━━━ RECORDS PROVIDED ━━━

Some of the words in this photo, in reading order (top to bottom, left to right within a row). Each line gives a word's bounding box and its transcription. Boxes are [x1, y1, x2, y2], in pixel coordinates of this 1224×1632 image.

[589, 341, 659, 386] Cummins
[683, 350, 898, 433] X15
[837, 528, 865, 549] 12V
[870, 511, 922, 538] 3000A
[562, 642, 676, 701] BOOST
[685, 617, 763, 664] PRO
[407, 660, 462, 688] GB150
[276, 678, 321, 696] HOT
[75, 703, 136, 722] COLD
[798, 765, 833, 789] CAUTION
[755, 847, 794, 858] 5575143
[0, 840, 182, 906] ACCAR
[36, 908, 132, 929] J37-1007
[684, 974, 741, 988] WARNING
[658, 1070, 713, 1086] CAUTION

━━━

* [PROBLEM]:
All entries must be given again exactly.

* [EXERCISE OUTPUT]:
Some of the words in this photo, in reading order (top to bottom, left to right within a row). Each line gives a word's bounding box and its transcription. Boxes are [x1, y1, x2, y2], in pixel coordinates of this 1224×1632 image.

[589, 341, 659, 386] Cummins
[683, 350, 898, 433] X15
[837, 528, 865, 549] 12V
[870, 511, 922, 538] 3000A
[562, 642, 676, 701] BOOST
[685, 617, 763, 664] PRO
[407, 660, 462, 688] GB150
[276, 678, 321, 696] HOT
[75, 703, 136, 722] COLD
[798, 765, 833, 789] CAUTION
[755, 847, 794, 858] 5575143
[0, 840, 182, 906] ACCAR
[36, 908, 132, 929] J37-1007
[684, 974, 741, 988] WARNING
[658, 1070, 713, 1086] CAUTION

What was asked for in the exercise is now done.